DATASET EXCERPTS.

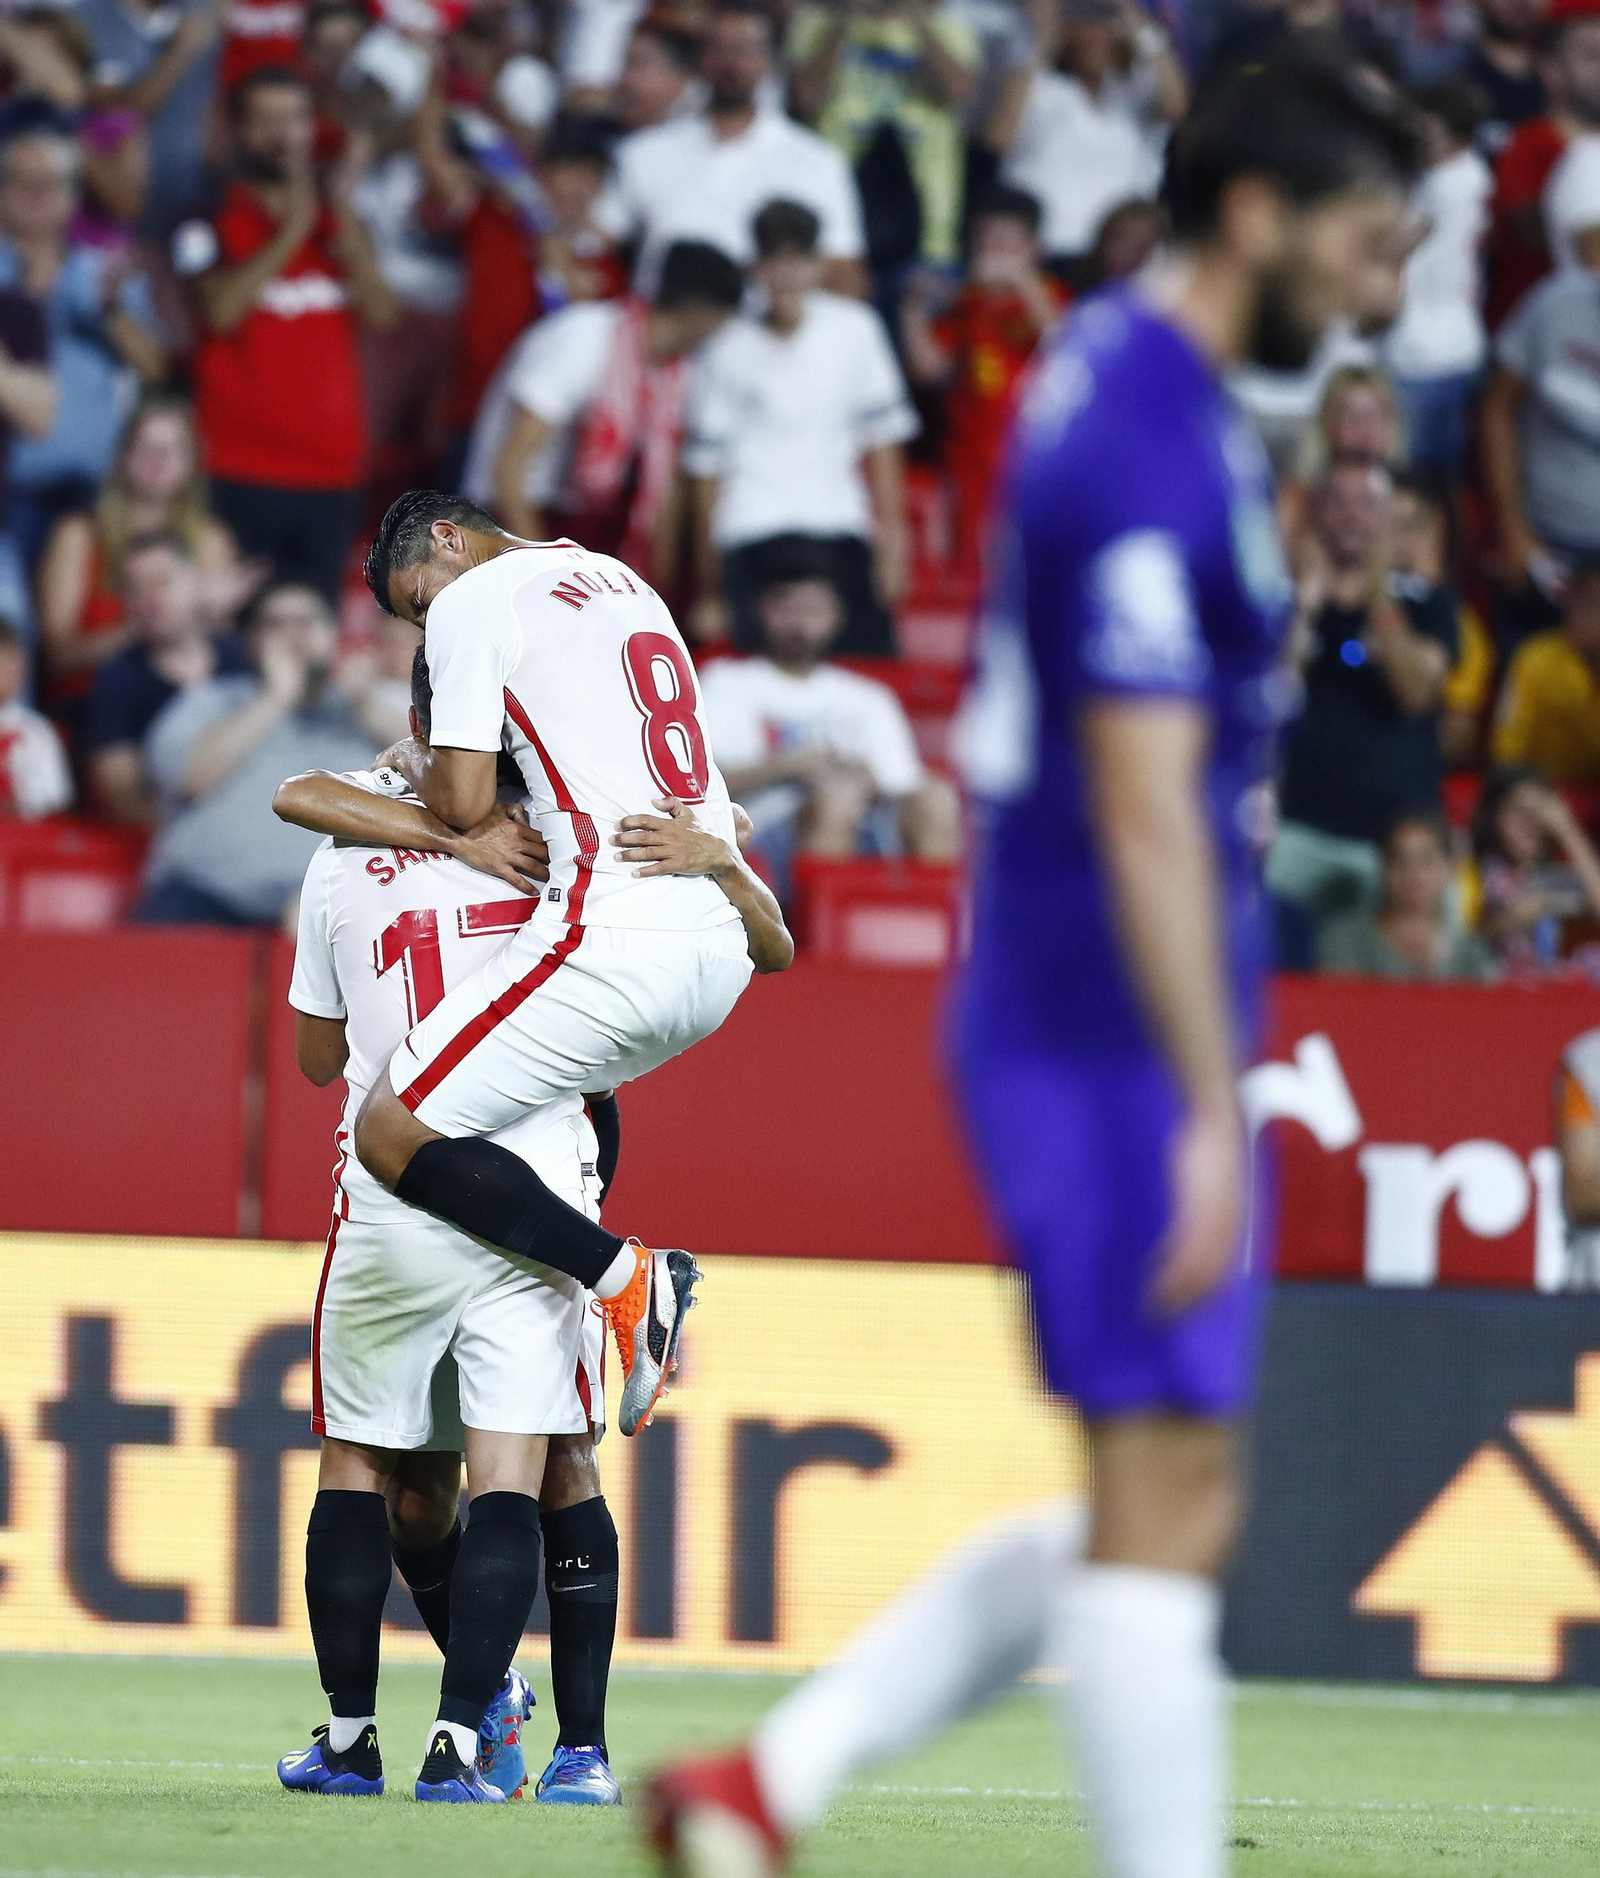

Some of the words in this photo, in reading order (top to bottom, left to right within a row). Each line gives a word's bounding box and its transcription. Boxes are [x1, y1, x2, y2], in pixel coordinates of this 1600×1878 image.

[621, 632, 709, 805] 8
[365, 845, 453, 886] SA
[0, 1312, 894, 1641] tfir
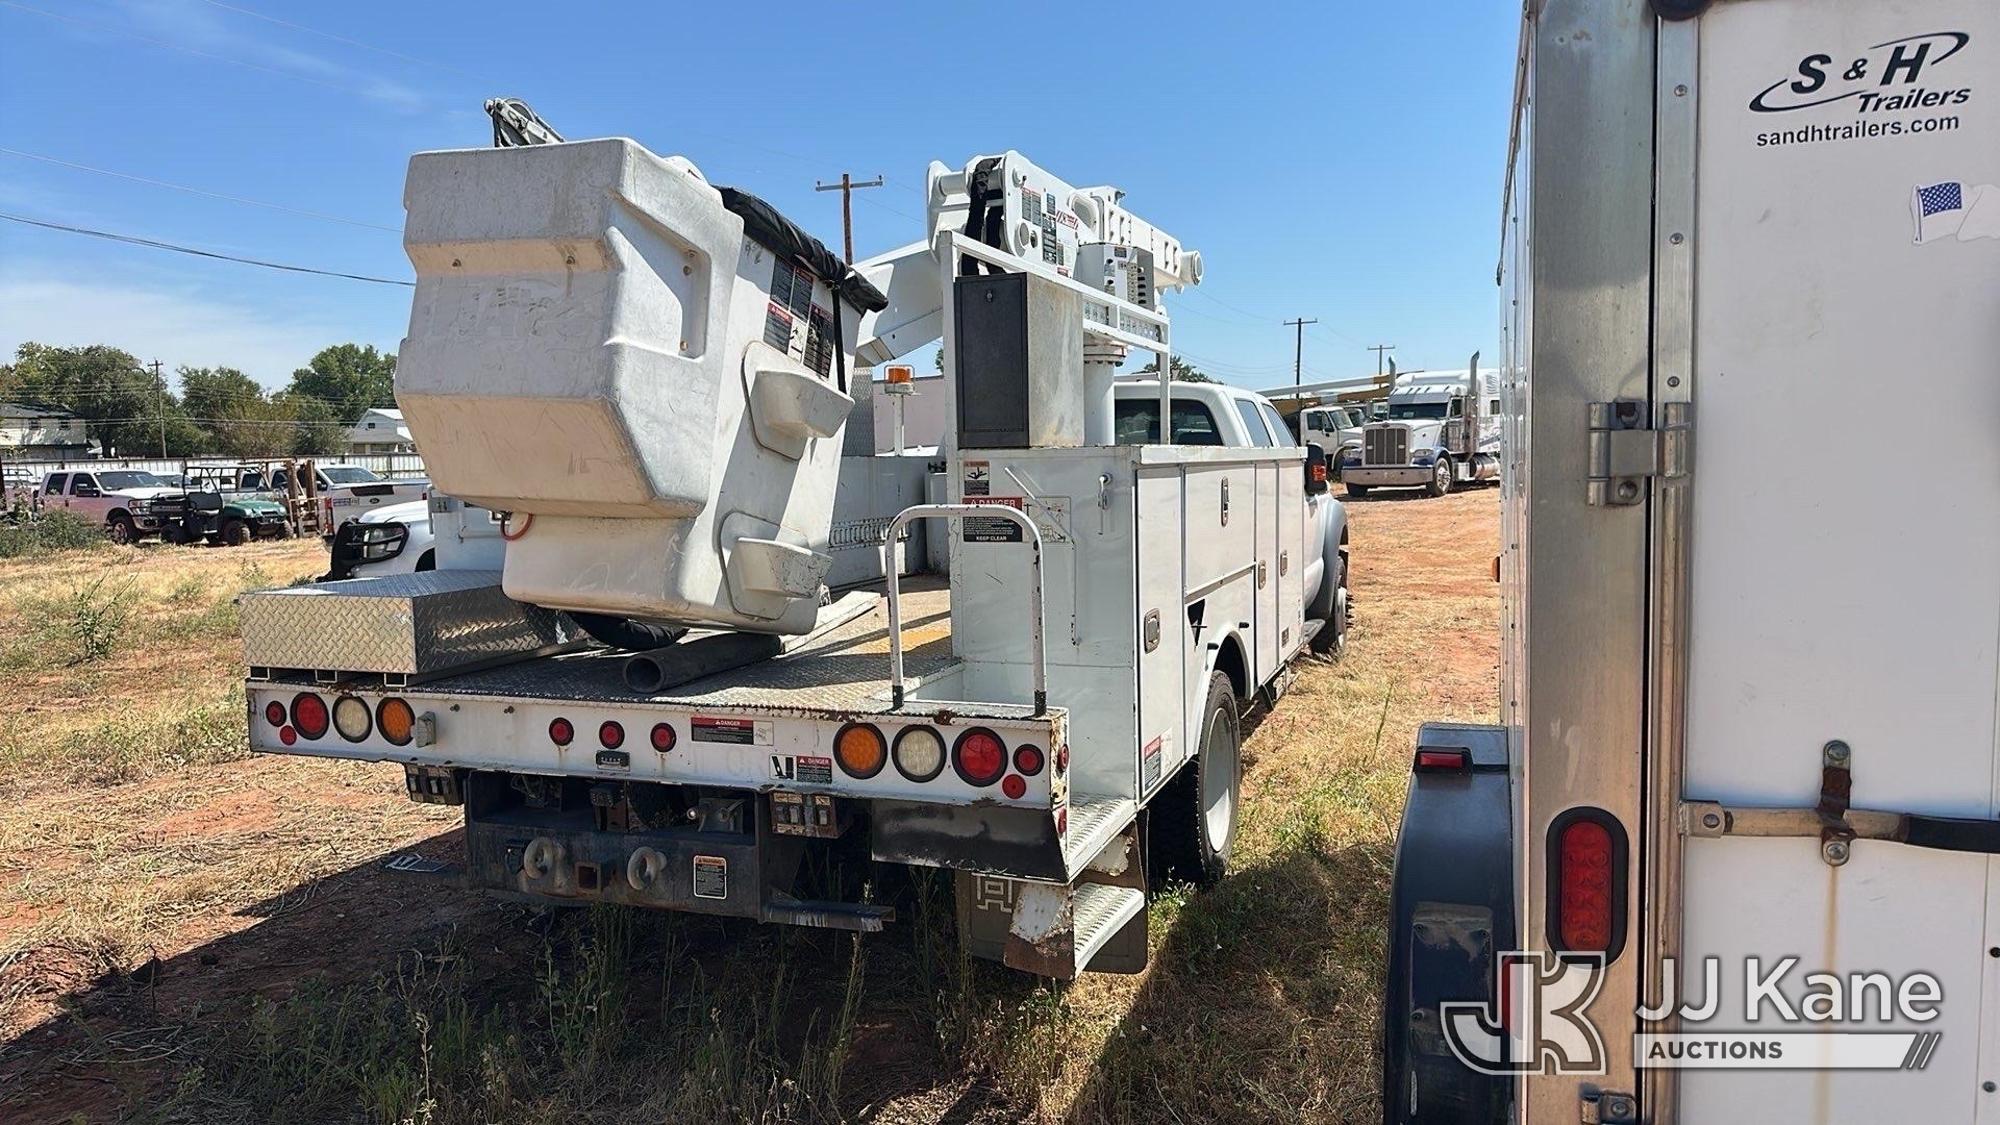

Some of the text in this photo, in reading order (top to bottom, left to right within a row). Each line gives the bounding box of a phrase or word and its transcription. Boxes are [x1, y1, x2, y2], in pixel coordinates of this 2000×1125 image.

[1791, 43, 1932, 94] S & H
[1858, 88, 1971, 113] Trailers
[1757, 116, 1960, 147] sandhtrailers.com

TASK OBJECTIVE. Above are the records; copy exactly the lines from the one with "Some of the text" through the final line.

YOUR RESPONSE.
Some of the text in this photo, in reading order (top to bottom, left to right within a row). Each line gives the bounding box of a phrase or word and its transcription. Boxes are [x1, y1, x2, y2], in pixel coordinates of this 2000×1125 image.

[1791, 43, 1932, 94] S & H
[1858, 88, 1971, 113] Trailers
[1757, 116, 1960, 147] sandhtrailers.com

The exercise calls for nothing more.